--- Data provided ---
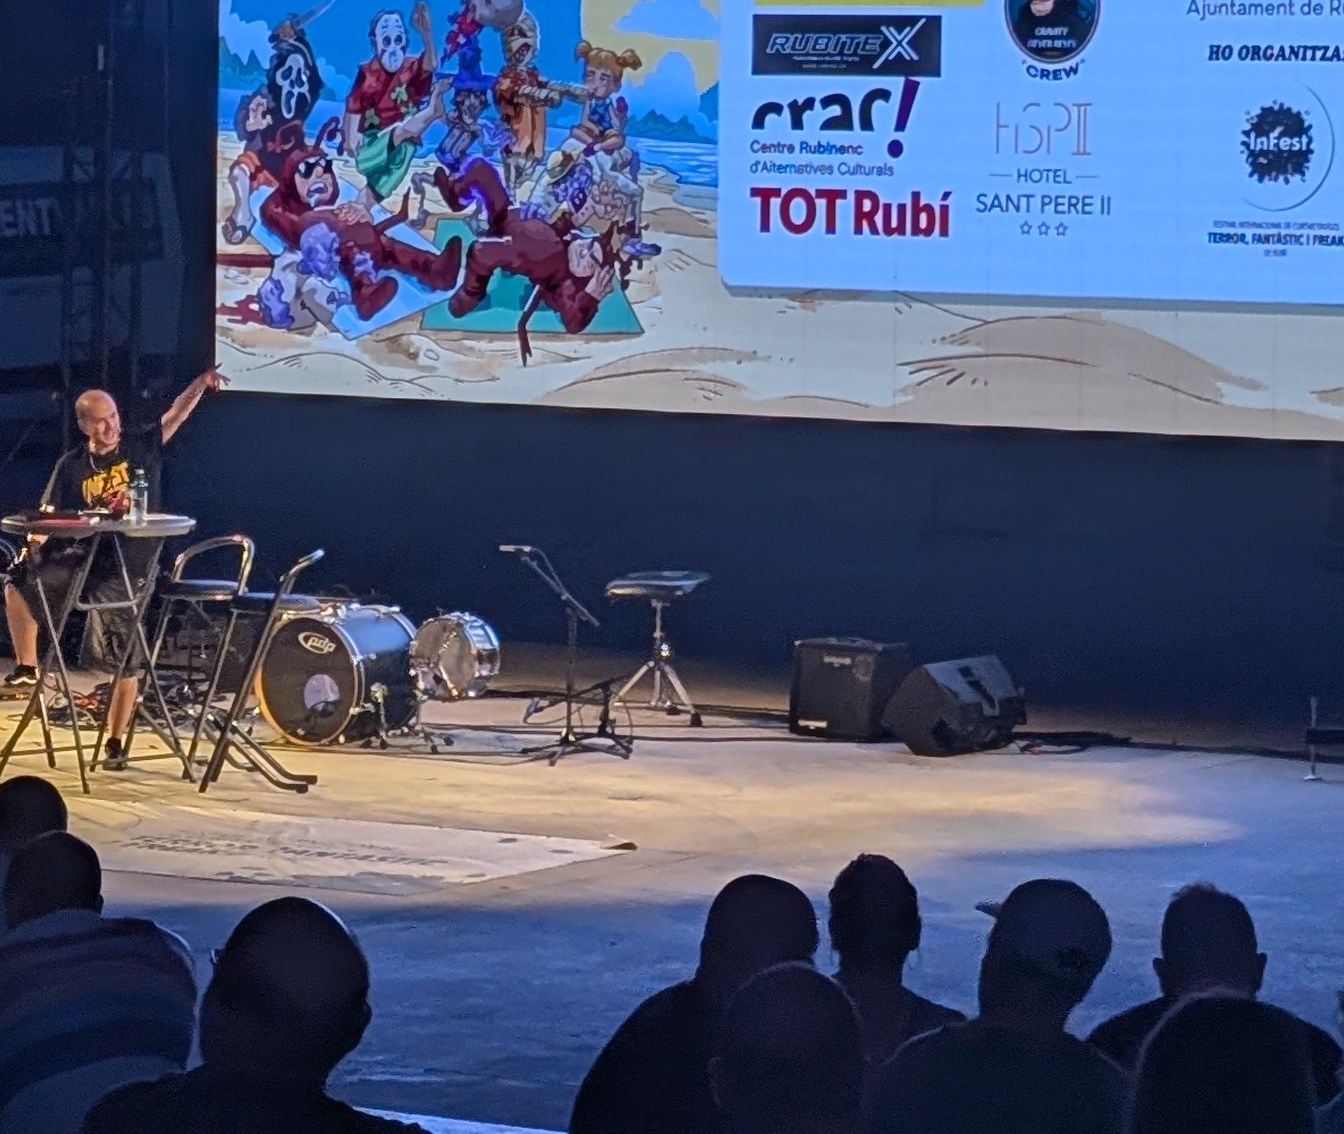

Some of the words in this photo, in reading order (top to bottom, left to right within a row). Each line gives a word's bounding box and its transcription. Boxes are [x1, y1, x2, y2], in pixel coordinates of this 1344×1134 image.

[1207, 45, 1233, 61] HO
[1025, 63, 1081, 81] CREW
[750, 139, 795, 155] Centre
[1017, 168, 1073, 184] HOTEL
[976, 192, 1035, 214] SANT
[1040, 194, 1094, 215] PERE
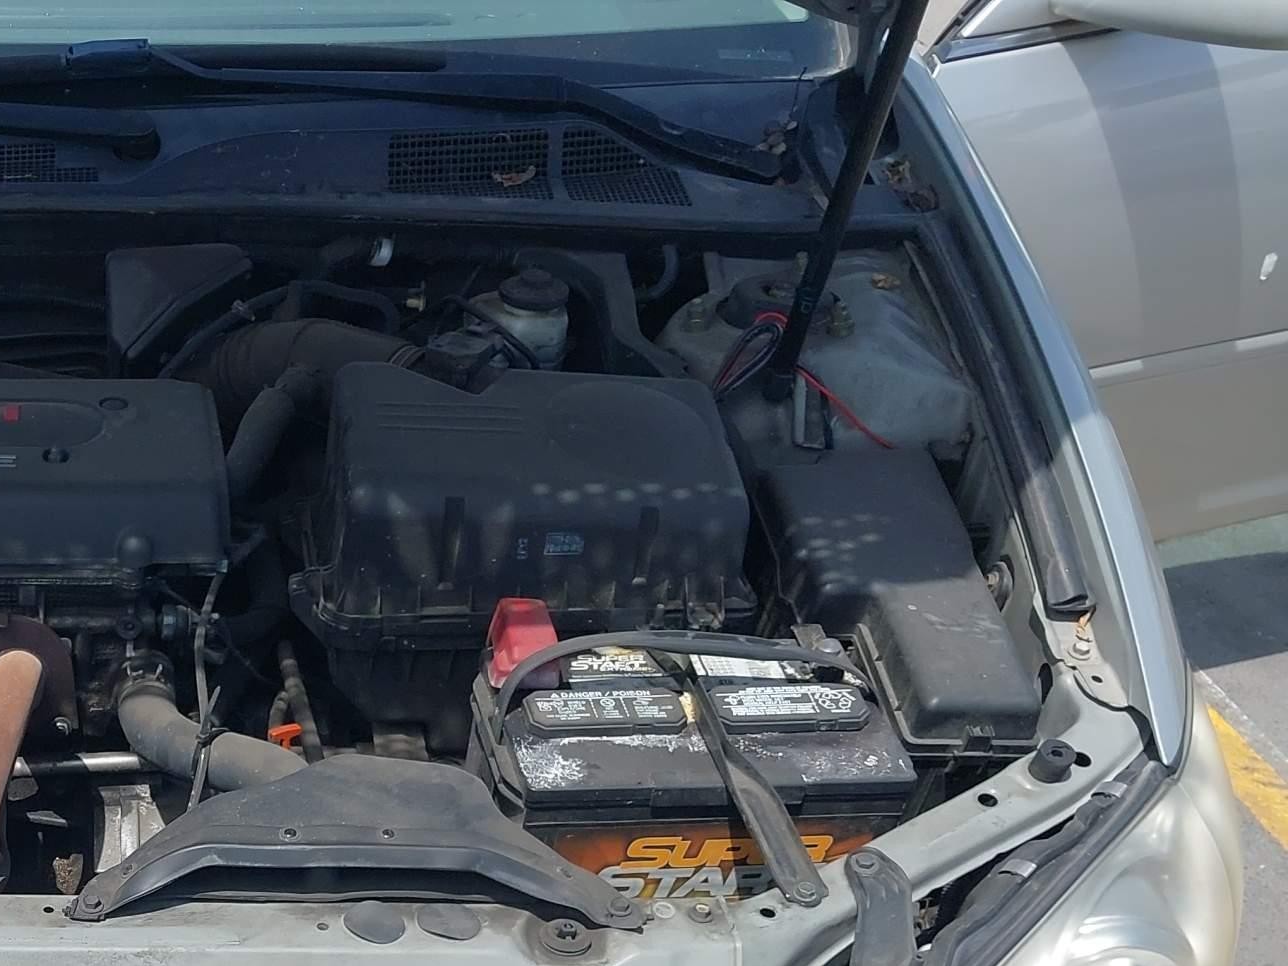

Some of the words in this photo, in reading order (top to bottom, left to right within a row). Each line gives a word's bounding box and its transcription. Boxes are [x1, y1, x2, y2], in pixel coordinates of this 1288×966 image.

[577, 654, 644, 662] SUPER
[561, 691, 602, 699] DANGER
[620, 835, 834, 868] SUPR
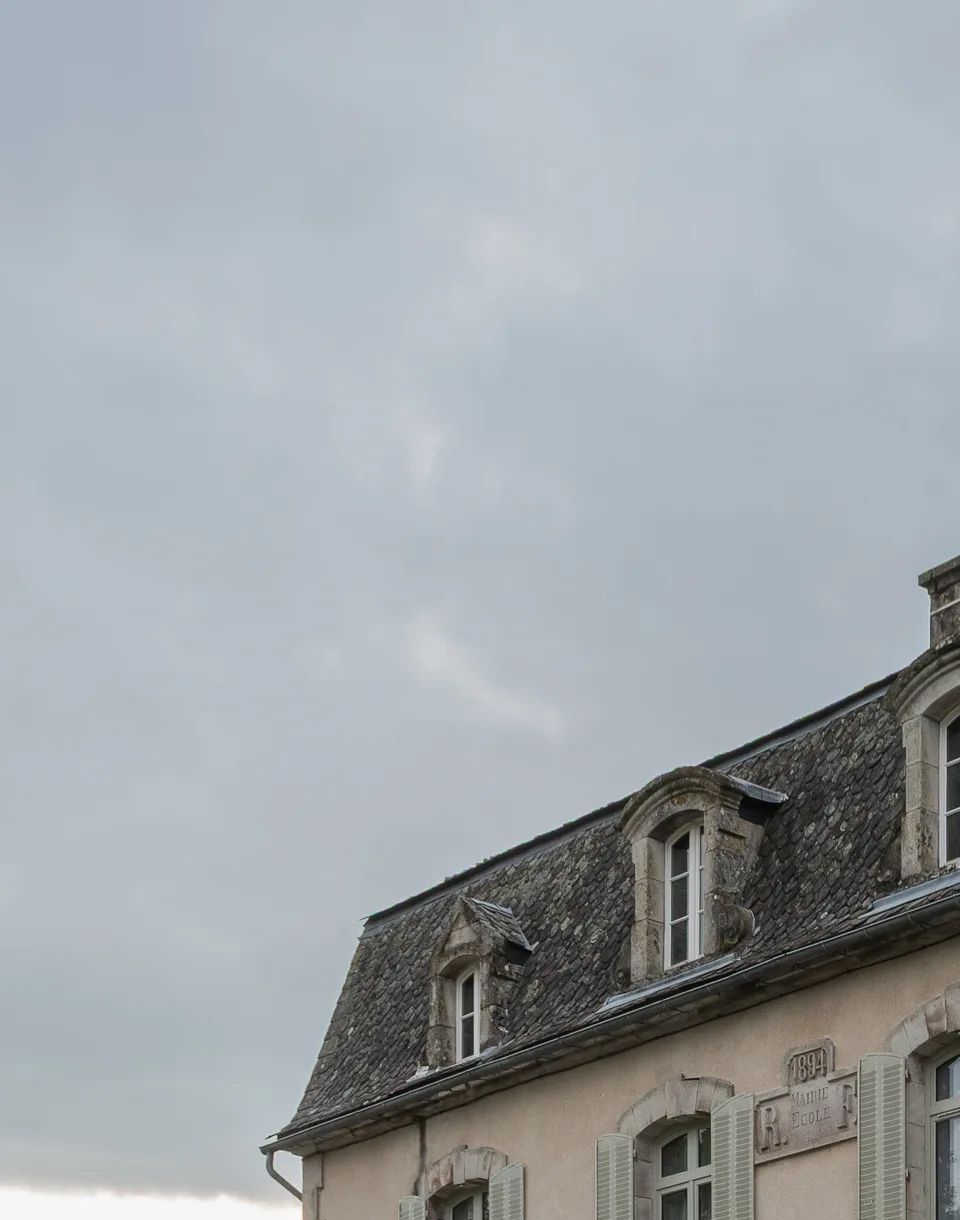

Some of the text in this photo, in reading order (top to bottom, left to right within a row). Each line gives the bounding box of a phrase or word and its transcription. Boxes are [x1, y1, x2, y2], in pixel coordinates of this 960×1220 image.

[791, 1049, 827, 1081] 1894
[791, 1086, 829, 1108] MAIRIE
[791, 1106, 831, 1129] ECOLE
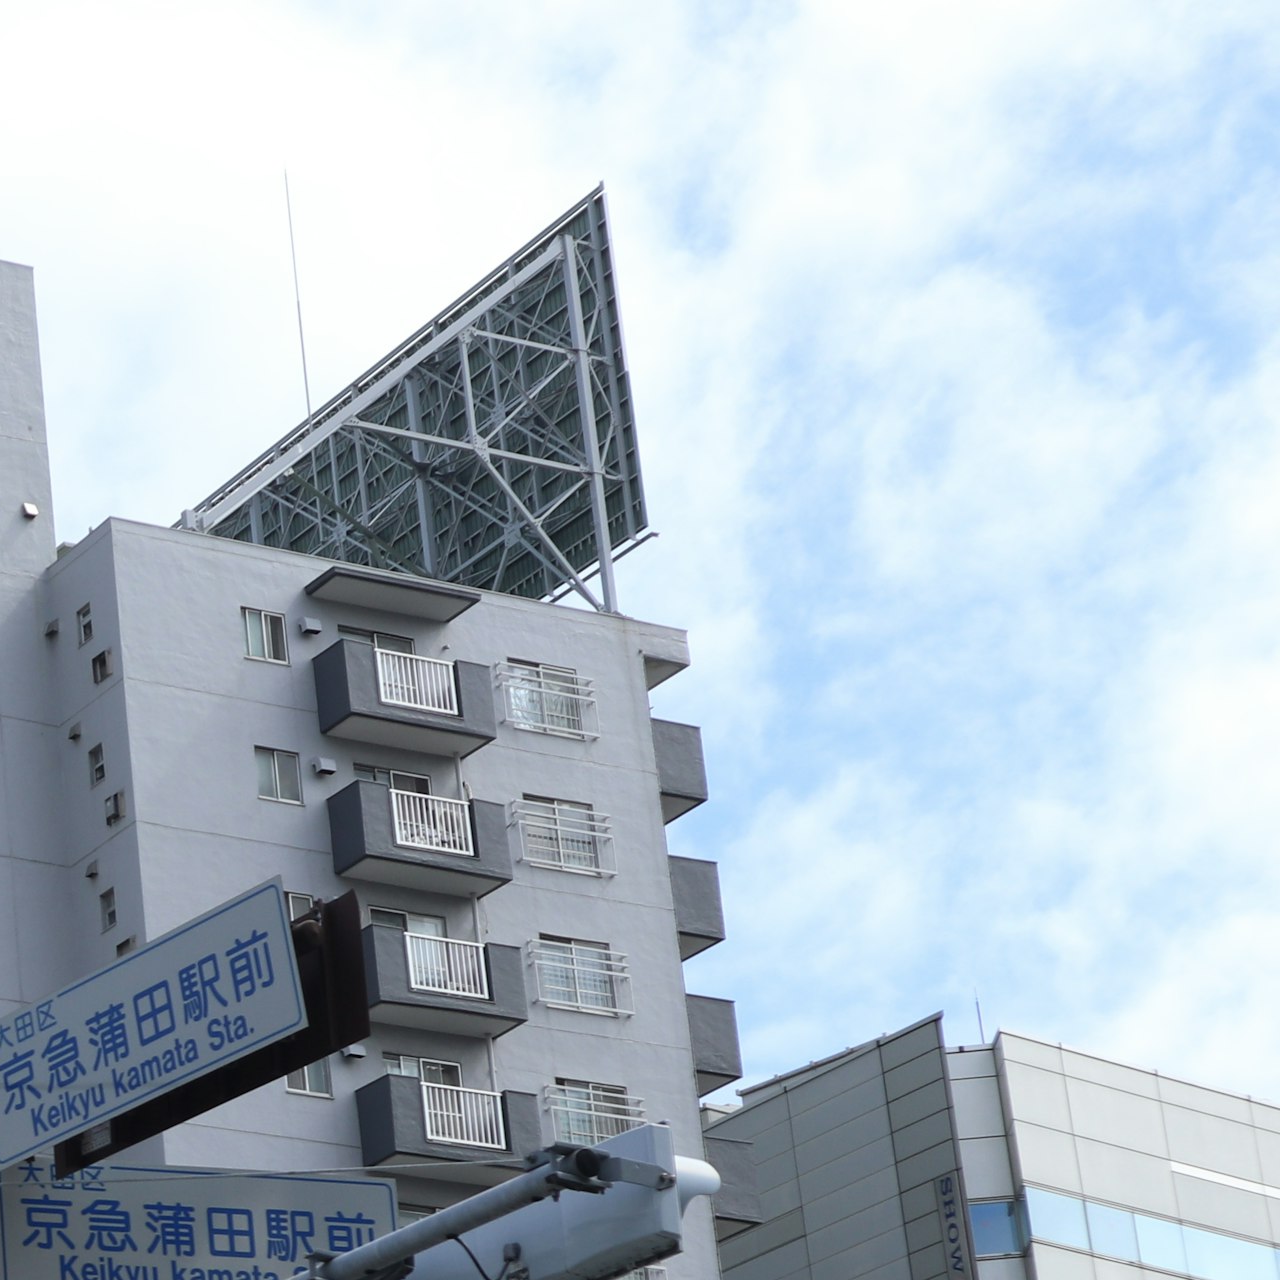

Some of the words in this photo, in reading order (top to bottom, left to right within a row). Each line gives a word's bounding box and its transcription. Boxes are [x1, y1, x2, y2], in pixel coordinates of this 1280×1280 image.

[31, 1083, 106, 1137] Keikyu
[111, 1037, 199, 1098] kamata
[207, 1014, 255, 1051] Sta.
[20, 1194, 376, 1263] 京急蒲田駅前

--- Instructions for the task ---
What you return must match the data above exactly, with no images included.

--- Response to the task ---
Some of the words in this photo, in reading order (top to bottom, left to right within a row). Each line gives a word's bounding box and its transcription. Boxes are [x1, y1, x2, y2], in pixel coordinates of this 1344×1134 image.

[1207, 45, 1233, 61] HO
[1025, 63, 1081, 81] CREW
[750, 139, 795, 155] Centre
[1017, 168, 1073, 184] HOTEL
[976, 192, 1035, 214] SANT
[1040, 194, 1094, 215] PERE

Some of the words in this photo, in reading order (top to bottom, left to right within a row). Each line gives a word's bounding box and its transcription. Boxes are [x1, y1, x2, y2], in pixel coordinates of this 1288×966 image.

[577, 654, 644, 662] SUPER
[561, 691, 602, 699] DANGER
[620, 835, 834, 868] SUPR

Some of the text in this photo, in reading order (top to bottom, left to right within a row). Each line gives the bounding box of a phrase or word and its transcription. Boxes are [x1, y1, x2, y2], in pixel coordinates of this 960×1220 image.

[791, 1049, 827, 1081] 1894
[791, 1086, 829, 1108] MAIRIE
[791, 1106, 831, 1129] ECOLE

Some of the words in this photo, in reading order (top to bottom, left to right within a row). Each line gives a word's bounding box and its transcription. Boxes are [x1, y1, x2, y2], in pixel coordinates of this 1280×1280 image.

[31, 1083, 106, 1137] Keikyu
[111, 1037, 199, 1098] kamata
[207, 1014, 255, 1051] Sta.
[20, 1194, 376, 1263] 京急蒲田駅前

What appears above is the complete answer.